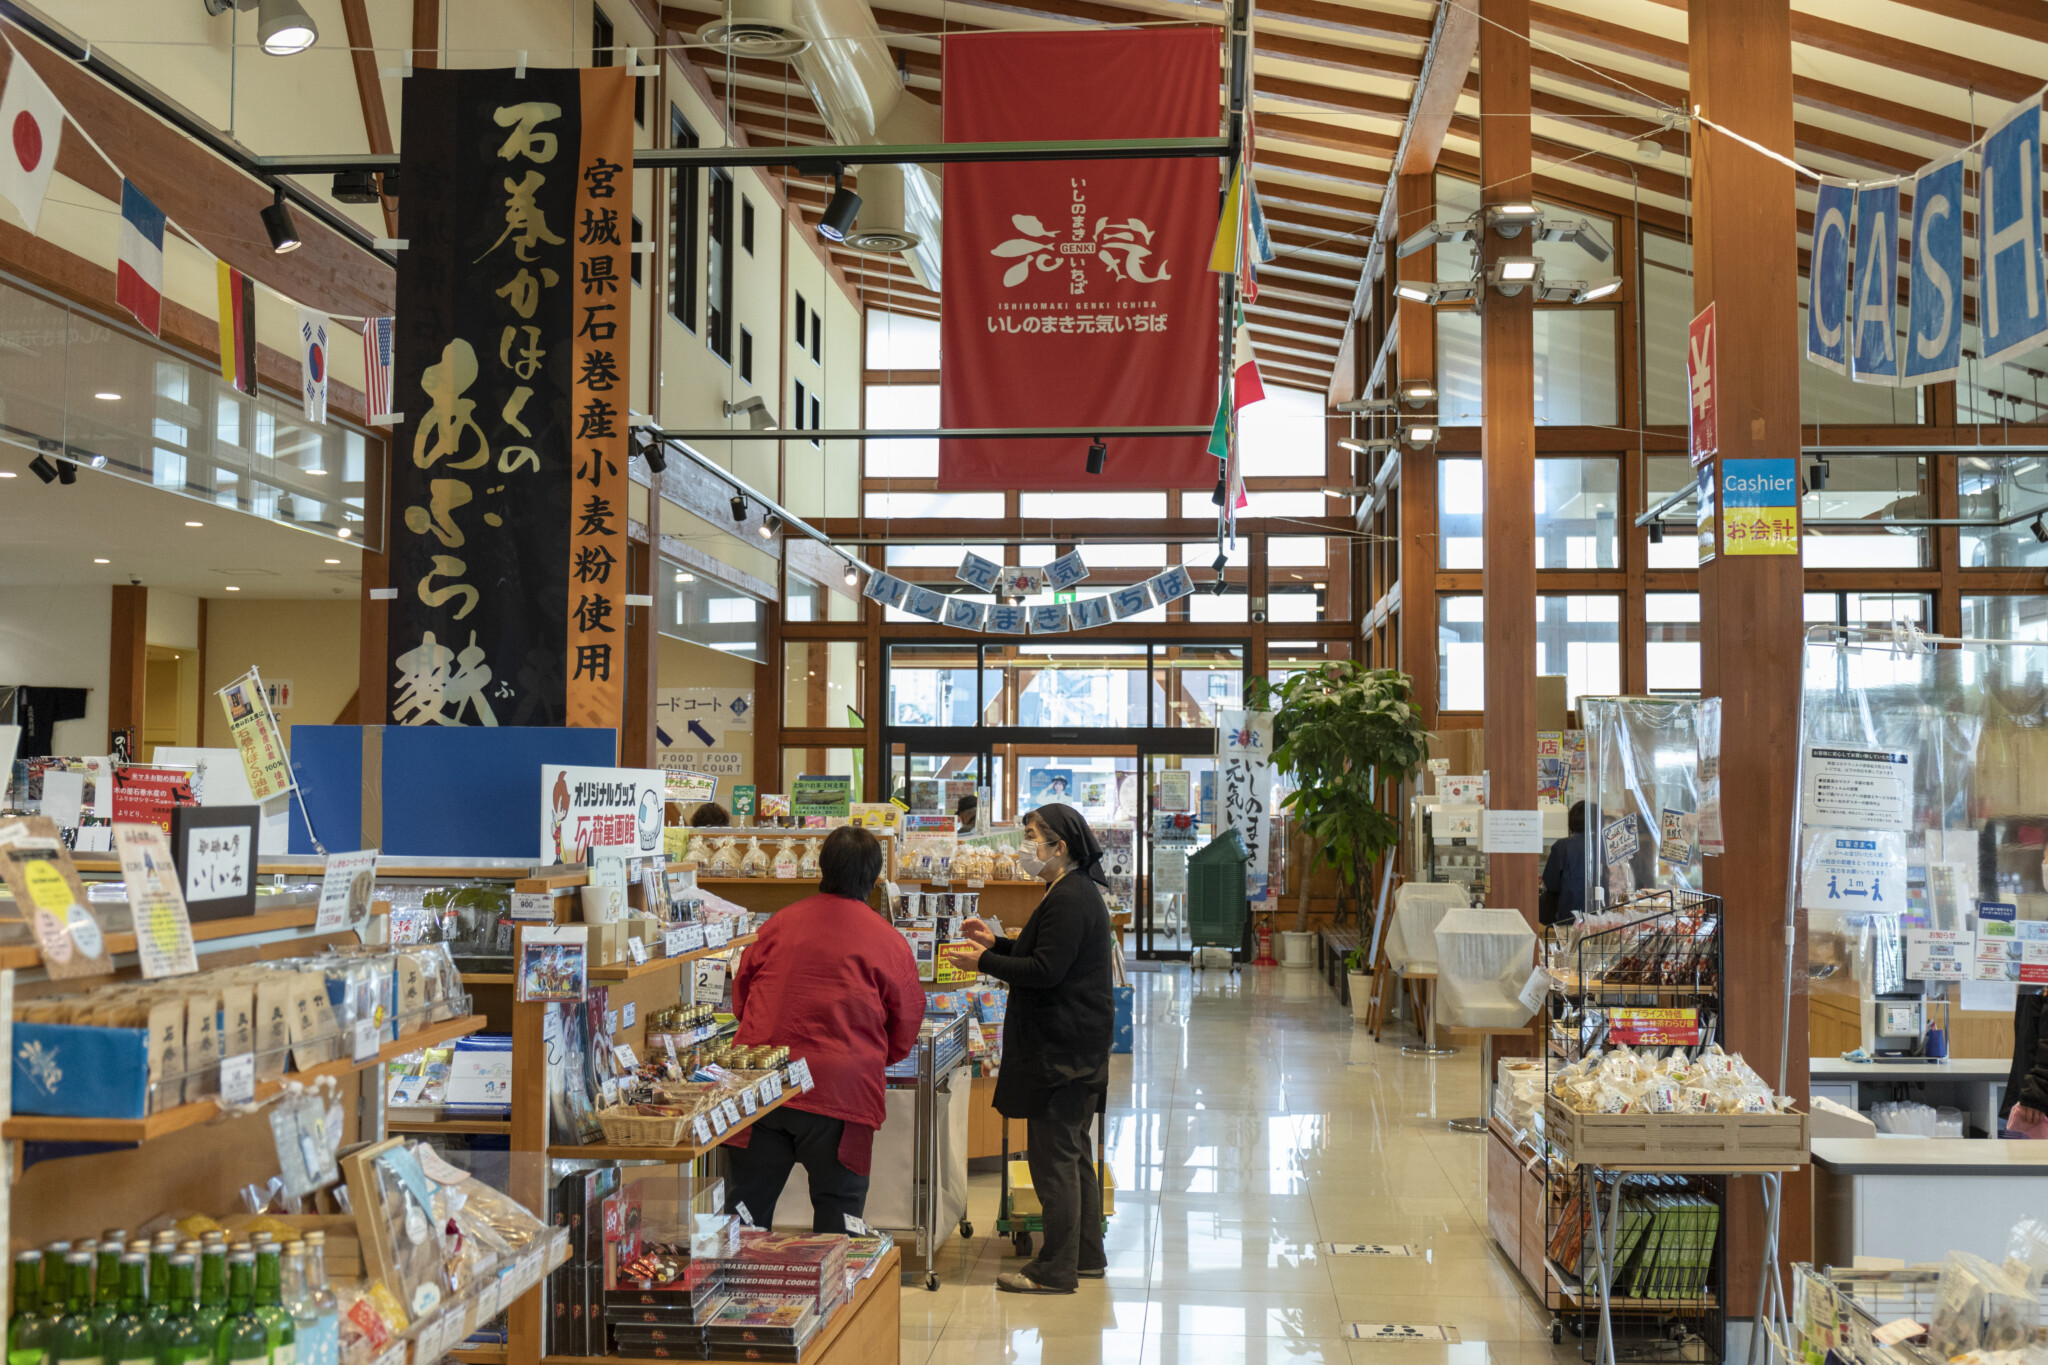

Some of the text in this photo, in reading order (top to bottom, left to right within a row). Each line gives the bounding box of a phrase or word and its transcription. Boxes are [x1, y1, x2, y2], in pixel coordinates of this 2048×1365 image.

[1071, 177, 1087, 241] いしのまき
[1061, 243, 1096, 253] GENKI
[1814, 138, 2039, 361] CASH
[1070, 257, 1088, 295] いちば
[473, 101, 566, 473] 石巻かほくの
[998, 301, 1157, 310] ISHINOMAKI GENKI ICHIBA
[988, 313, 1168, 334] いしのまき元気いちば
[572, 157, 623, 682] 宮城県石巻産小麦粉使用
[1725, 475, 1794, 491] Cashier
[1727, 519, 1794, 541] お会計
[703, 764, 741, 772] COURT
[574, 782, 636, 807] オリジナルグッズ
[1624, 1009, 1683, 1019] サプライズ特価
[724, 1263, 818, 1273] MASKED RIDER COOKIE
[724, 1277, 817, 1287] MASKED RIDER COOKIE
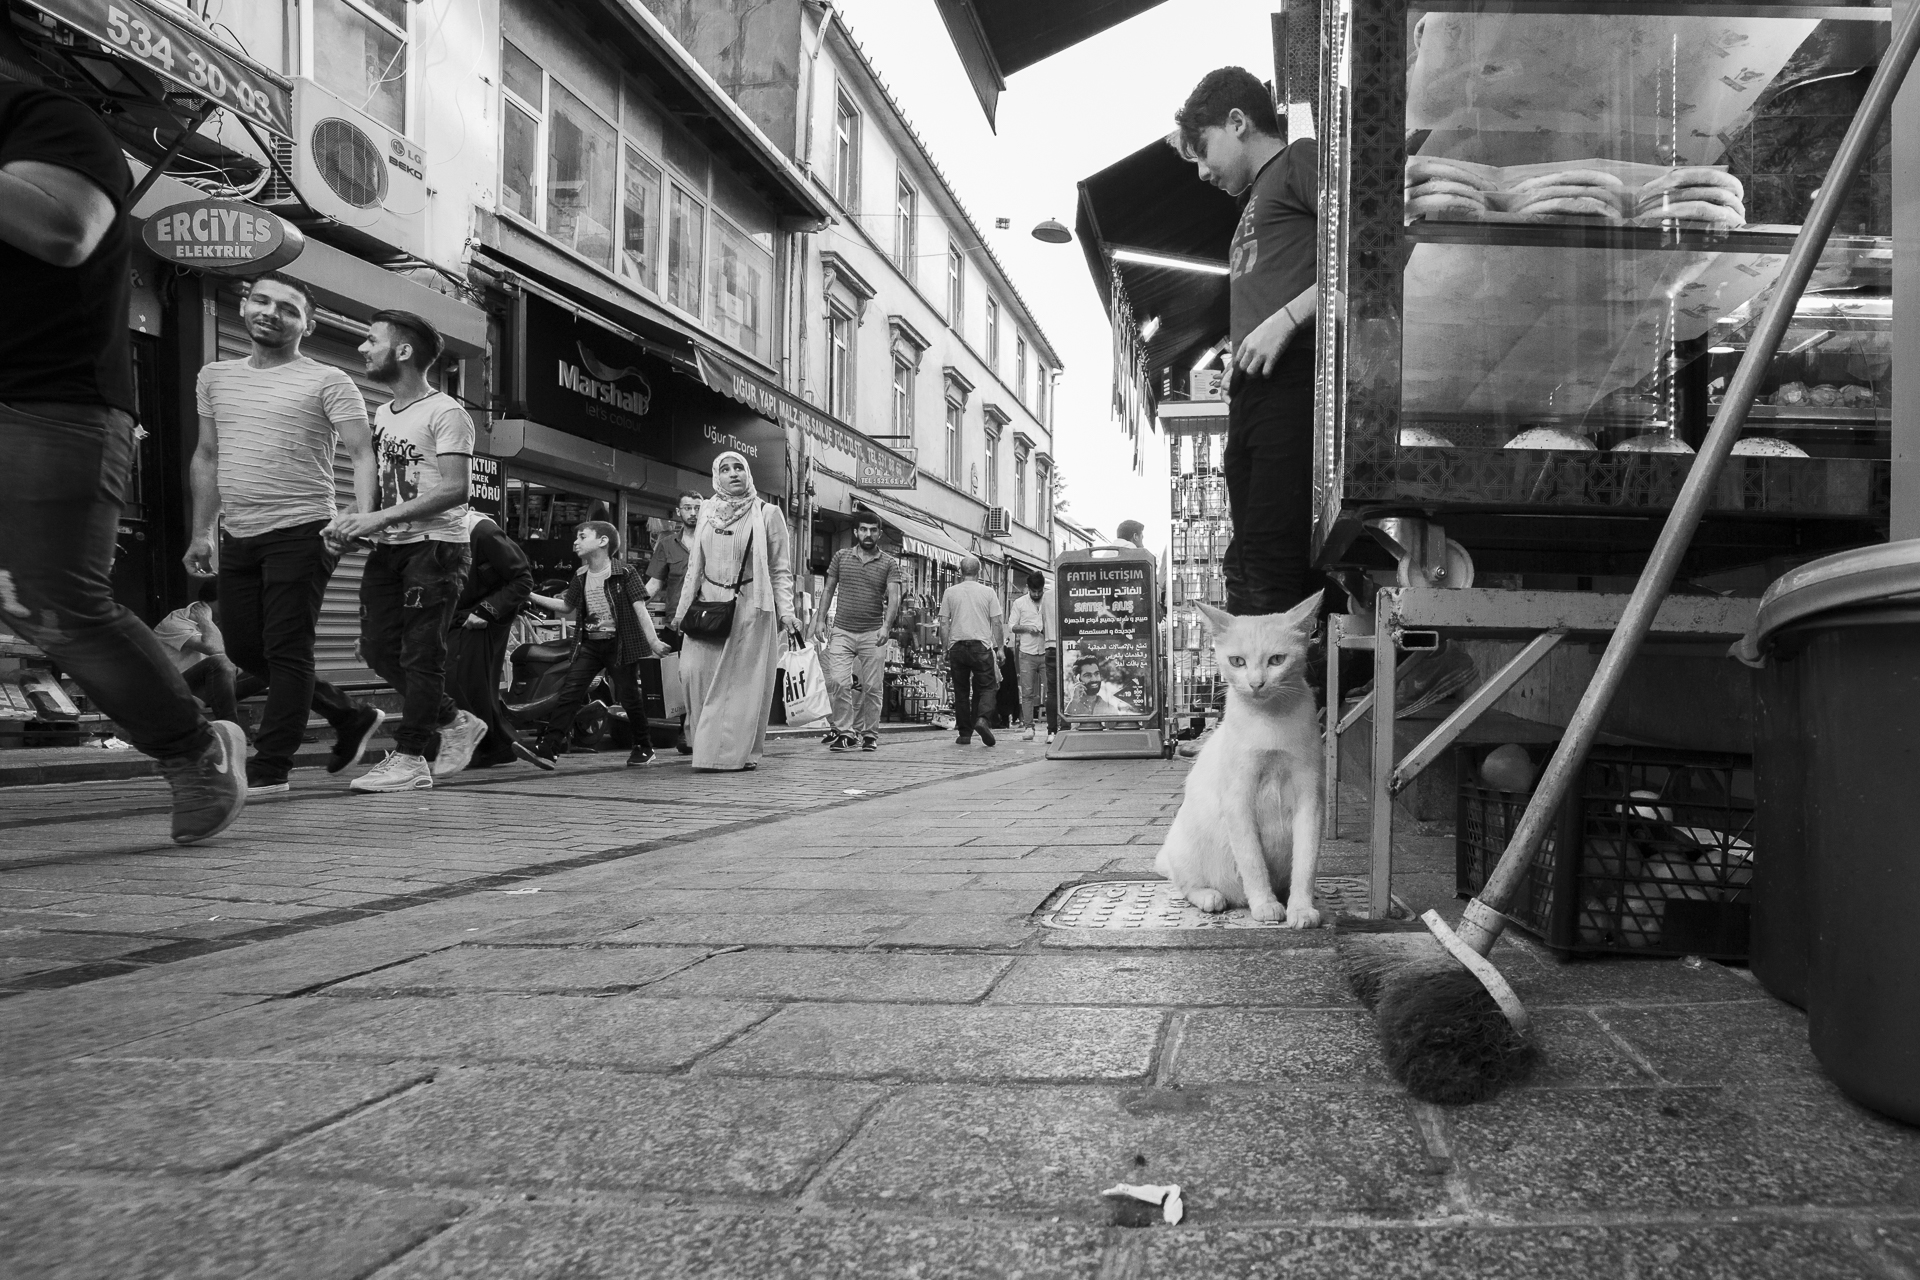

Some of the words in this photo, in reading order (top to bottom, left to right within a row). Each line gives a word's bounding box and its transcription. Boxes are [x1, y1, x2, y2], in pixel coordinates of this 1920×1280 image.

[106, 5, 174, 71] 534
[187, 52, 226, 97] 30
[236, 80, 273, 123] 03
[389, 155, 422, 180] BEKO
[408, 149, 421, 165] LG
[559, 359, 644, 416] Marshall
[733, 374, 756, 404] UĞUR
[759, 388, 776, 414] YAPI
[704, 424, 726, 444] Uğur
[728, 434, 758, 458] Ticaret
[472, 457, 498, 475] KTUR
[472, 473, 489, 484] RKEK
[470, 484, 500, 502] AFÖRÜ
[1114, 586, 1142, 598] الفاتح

--*--

- [What the exercise asks]:
Without the pictures, write out all of the material exactly.

- [Reply]:
Some of the text in this photo, in reading order (top to bottom, left to right within a row). Each line gives the bounding box of a phrase or word and its transcription. Boxes are [x1, y1, x2, y2], in pixel coordinates of this 2048×1365 image.

[1071, 177, 1087, 241] いしのまき
[1061, 243, 1096, 253] GENKI
[1814, 138, 2039, 361] CASH
[1070, 257, 1088, 295] いちば
[473, 101, 566, 473] 石巻かほくの
[998, 301, 1157, 310] ISHINOMAKI GENKI ICHIBA
[988, 313, 1168, 334] いしのまき元気いちば
[572, 157, 623, 682] 宮城県石巻産小麦粉使用
[1725, 475, 1794, 491] Cashier
[1727, 519, 1794, 541] お会計
[703, 764, 741, 772] COURT
[574, 782, 636, 807] オリジナルグッズ
[1624, 1009, 1683, 1019] サプライズ特価
[724, 1263, 818, 1273] MASKED RIDER COOKIE
[724, 1277, 817, 1287] MASKED RIDER COOKIE

Some of the words in this photo, in reading order (top to bottom, left to right within a row). Each line gives a word's bounding box and its transcription. Boxes are [x1, y1, x2, y2], in pixel coordinates of this 1920×1280 image.

[106, 5, 174, 71] 534
[187, 52, 226, 97] 30
[236, 80, 273, 123] 03
[389, 155, 422, 180] BEKO
[408, 149, 421, 165] LG
[559, 359, 644, 416] Marshall
[733, 374, 756, 404] UĞUR
[759, 388, 776, 414] YAPI
[704, 424, 726, 444] Uğur
[728, 434, 758, 458] Ticaret
[472, 457, 498, 475] KTUR
[472, 473, 489, 484] RKEK
[470, 484, 500, 502] AFÖRÜ
[1114, 586, 1142, 598] الفاتح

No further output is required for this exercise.